Normalized Difference Vegetation Index (NDVI) was originally developed from satellite-based remote sensing imagery for classifying vegetation. Plants undergoing photosynthesis absorb the visible portion of the light spectrum from 400nm to about 700nm which is the same portion of the spectrum that humans can see. A little more green light is reflected compared to the blue and red portions of the spectrum which is why vegetation undergoing photosynthesis appears as green. Furthermore the plants reflect near-infrared wavelengths above 700nm. When plants are stressed the photosynthesis process slows down and less light is absorbed in the visible spectrum, and therefore more is reflected, and less light is reflected in the near-IR and more absorbed. This can be seen clearly in the figure below which shows the reflectivity of healthy and stressed vegetation.

Reflectivity of Health vs. Stress Vegetation

NDVI is therefore calculated as the difference between the reflected light in the near-IR and the visible spectrum.

How digital cameras capture color

Digital cameras typically employ a repeating pattern of blue, green, and red filters over individual pixels called a bayer pattern. These filters modify the response of the pixels so that the blue pixels detect light in the spectrum between 400nm and 500nm, the green pixels detect light between 500nm and 600nm, and the red pixels detect light between 600nm and 700nm. However, these filters are not perfect and the blue, green and red pixels also detect light in the near-infrared above 800nm. The figure below shows an example of the frequency response for the Onsemi AR0134CS color image sensor, a common sensor used in industrial camera applications.

Quantum Efficiency — AR0134CS Color

The response of the blue, green and red pixels to this near infrared light is problematic and without compensation images will typically be washed and have poor contrast. As a result it is common for camera manufacturers to put an IR-cutoff filter, also referred to as blue glass, between the lens and the image sensor to block wavelengths above 700nm. The transmittance curves for Schott BG38, a common IR-cutoff filter, are shown in the figure below.

Internal Transmittance of Schott BG38

Internal Transmittance is a measure of how much light passes through the filter. The Schott BG38 allows over 80% of the light in the visual range from 400nm to 650nm to pass through the filter before attenuating, or blocking, the flight beyond 650nm so that no near infrared light passes through the filter. When installed in front of the color image sensor, the blue, green, and red pixels now only detect light in their corresponding wavelengths as shown in the figure below.

Quantum Efficiency — AR0134CS Color w/ Schott BG38 Filter

The presence of the IR cutoff filter presents an opportunity to modify the camera’s optical response by replacing the IR cutoff filter with another filter with different properties. All NDVI conversion cameras employ this technique but the effectiveness varies significantly as I will discuss next.

Schott BG3 Filter Conversions

The earliest, simplest and most common NDVI conversion involves replacing the IR-cutoff filter with Schott BG3 colored glass.
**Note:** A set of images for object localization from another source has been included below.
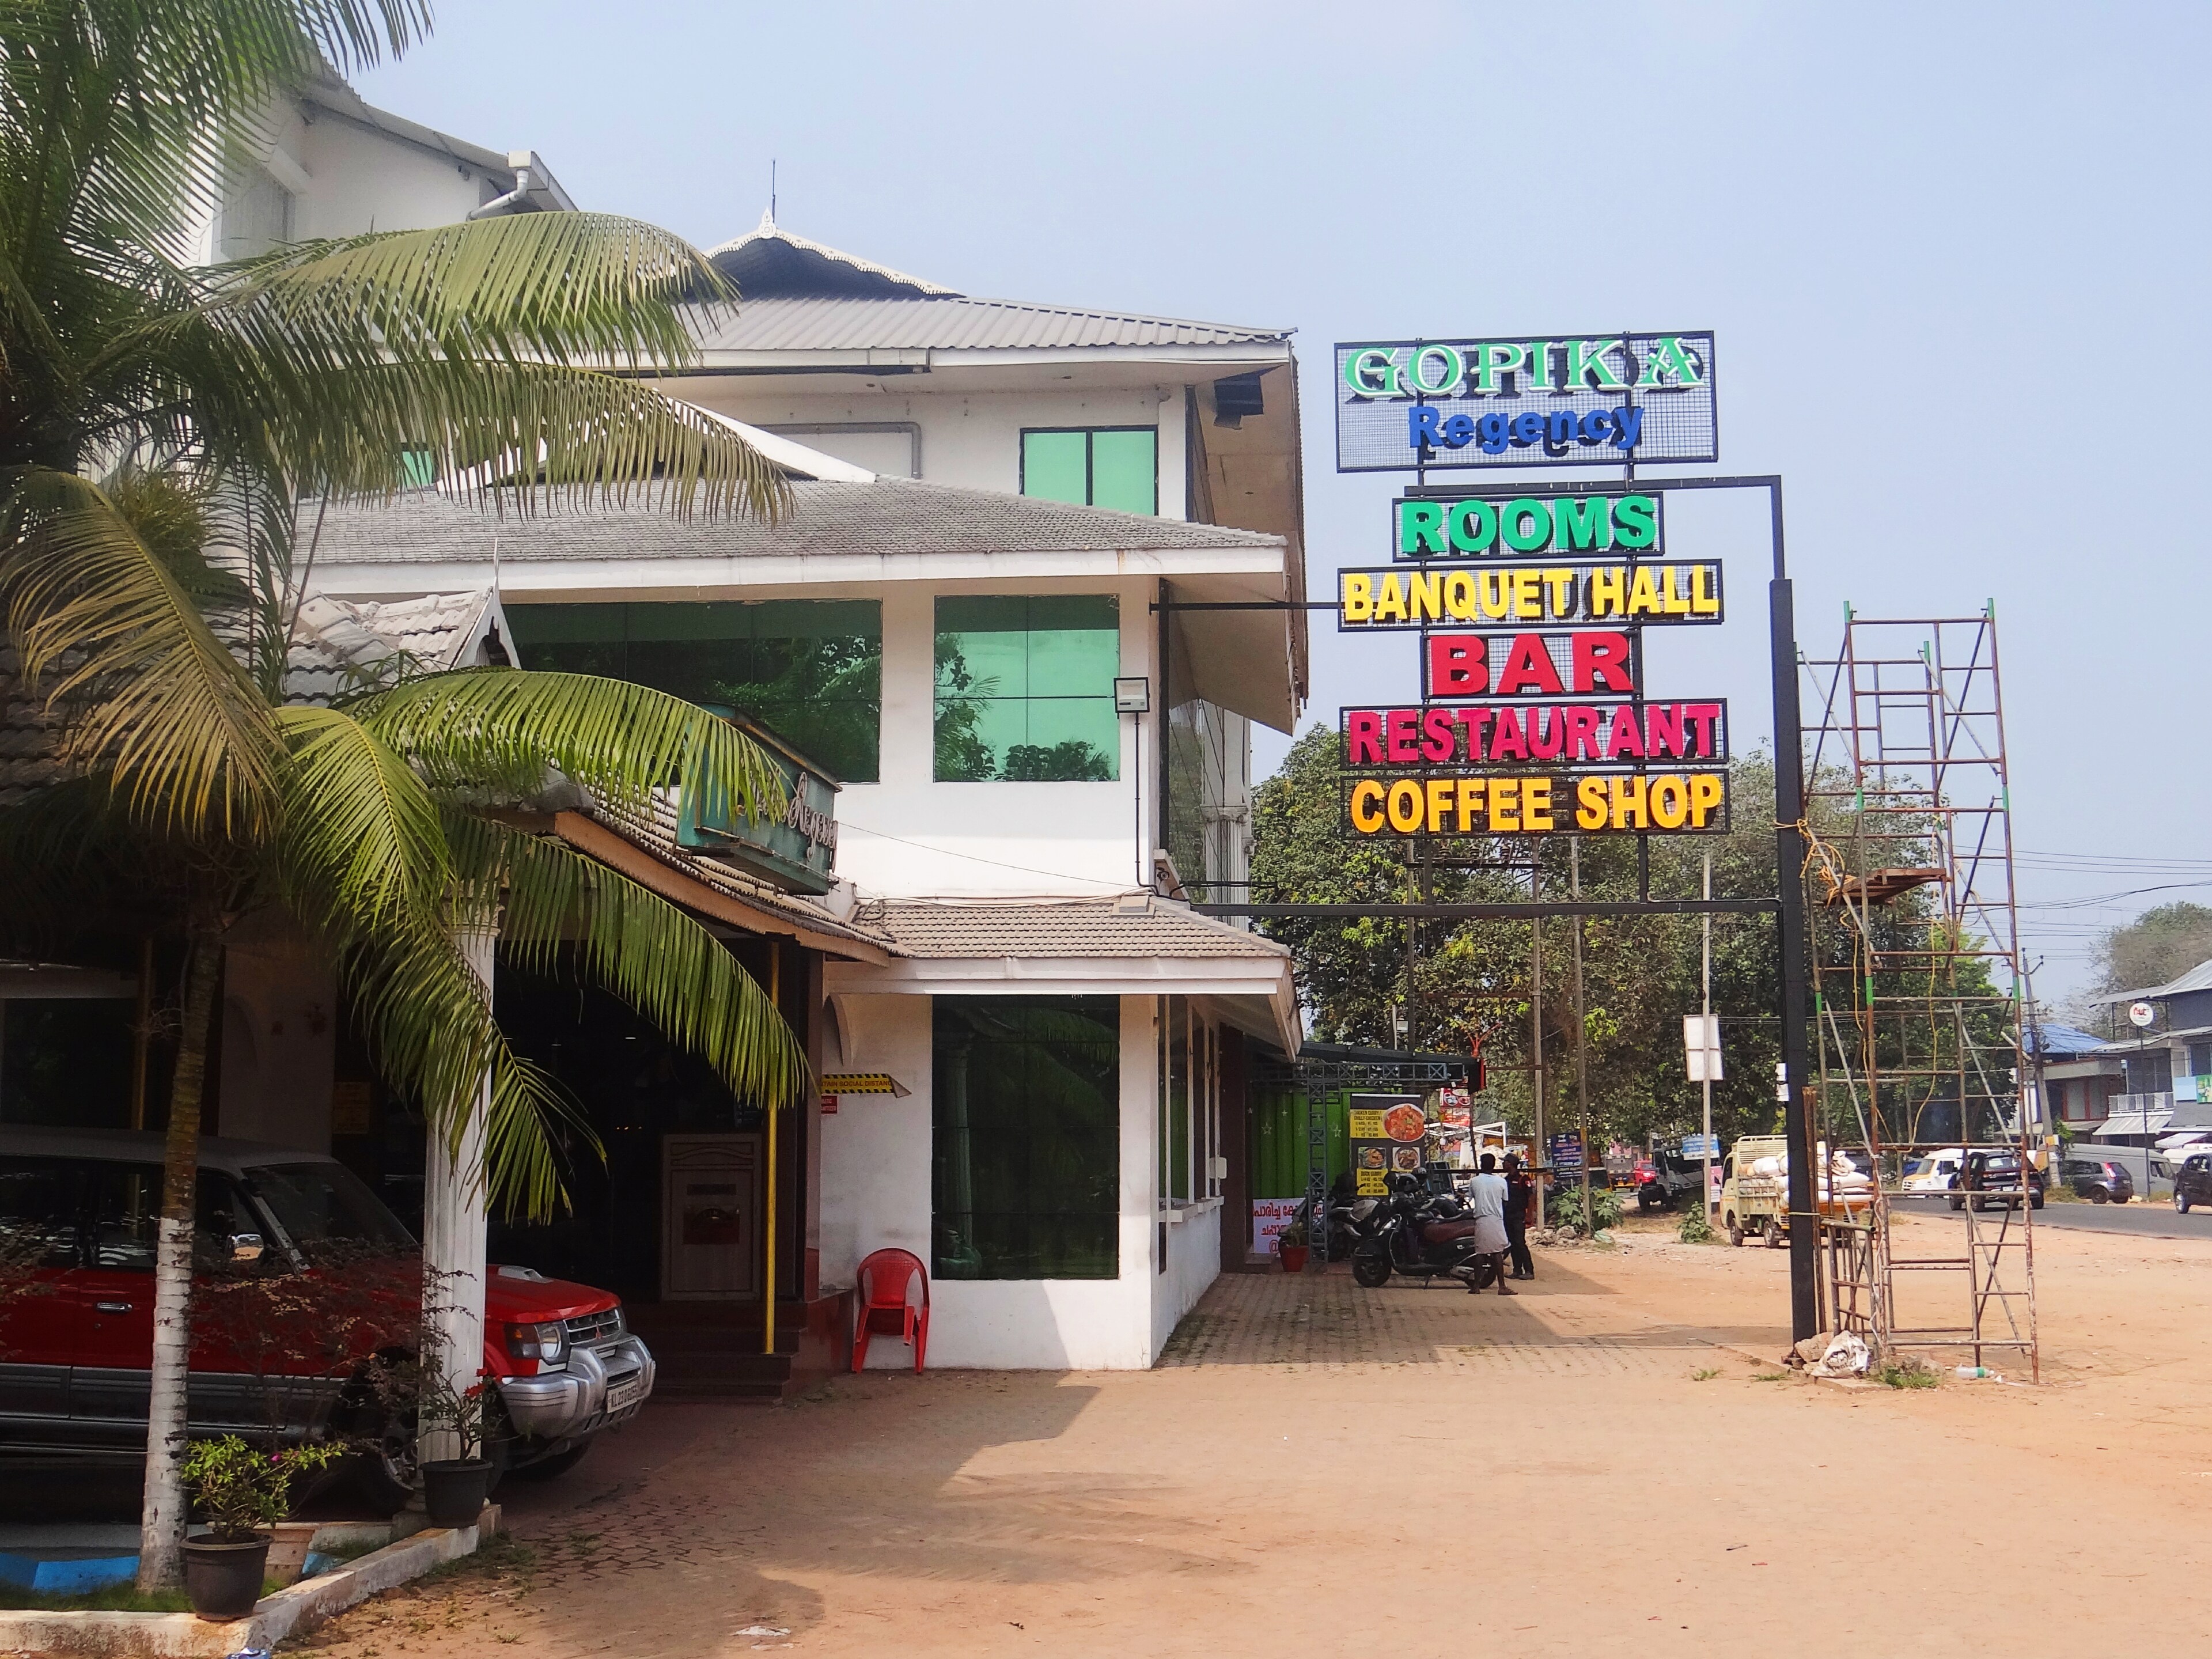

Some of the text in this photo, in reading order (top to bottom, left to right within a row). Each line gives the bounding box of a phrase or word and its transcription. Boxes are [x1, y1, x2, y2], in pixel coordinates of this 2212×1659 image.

[1345, 337, 1706, 397] GOPIKA
[1408, 406, 1644, 455] Regency
[1402, 495, 1656, 553] ROOMS
[1344, 565, 1719, 622] BANQUET HALL
[1430, 631, 1634, 695] BAR
[1349, 704, 1719, 763] RESTAURANT
[1351, 774, 1722, 833] COFFEE SHOP
This filter absorbs, and therefore blocks, green and red light between 500nm and 700nm. The transmittance of Schott BG3 is given below.

Internal Transmittance of Schott BG3

Replacing the IR cutoff filter with Schott BG3 exposes the camera sensor to light in the blue (400nm-500nm) and near-IR (700nm-1000nm) portions of the spectrum. The result, shown in the figure below, is that the green and red pixels detect primarily near-IR light, while the blue pixels detect both blue and near-IR light.
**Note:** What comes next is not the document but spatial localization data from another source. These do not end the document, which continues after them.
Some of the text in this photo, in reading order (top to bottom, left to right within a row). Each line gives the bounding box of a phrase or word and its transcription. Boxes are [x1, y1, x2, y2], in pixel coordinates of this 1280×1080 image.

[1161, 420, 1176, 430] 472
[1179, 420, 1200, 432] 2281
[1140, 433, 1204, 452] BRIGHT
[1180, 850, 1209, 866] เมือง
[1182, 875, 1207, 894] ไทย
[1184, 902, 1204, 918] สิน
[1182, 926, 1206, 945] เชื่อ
Quantum Efficiency — AR0134CS Color w/ Schott BG3 Filter

To calculate NDVI the blue pixels are used as the value for the visible portion of the NDVI calculation, while the value for red, since it responds more to near-IR than the green pixel does, is used for the near-IR part of the equation. Therefore NDVI is calculated as:

Publiclab has several articles describing its camera conversions using Schott BG3 filters.

Green+Red Bandblock Filter Conversions

Event38 developed an improvement to the standard Schott BG3 filter by using a custom bandblock interference filter which improves the contrast of the NDVI calculation. The filter blocks roughly the same 500nm to 700nm green and red portion of the visible spectrum that Schott BG3 does but with significantly sharper ‘shoulders’ where the filter blocks the green and red light as shown below.

Comparison of transmittance between Green-Red Bandblock and Schott BG3

This custom filter has the advantage of transmitting more of the blue light below 500nm than Schott BG3. Since healthy vegetation reflects very little blue light, which is used as the visible portion of the NDVI calculation, contrast is improved by increasing the amount of blue light detected by the image sensor. The NDVI calculation is the same as for the Schott BG3 filter.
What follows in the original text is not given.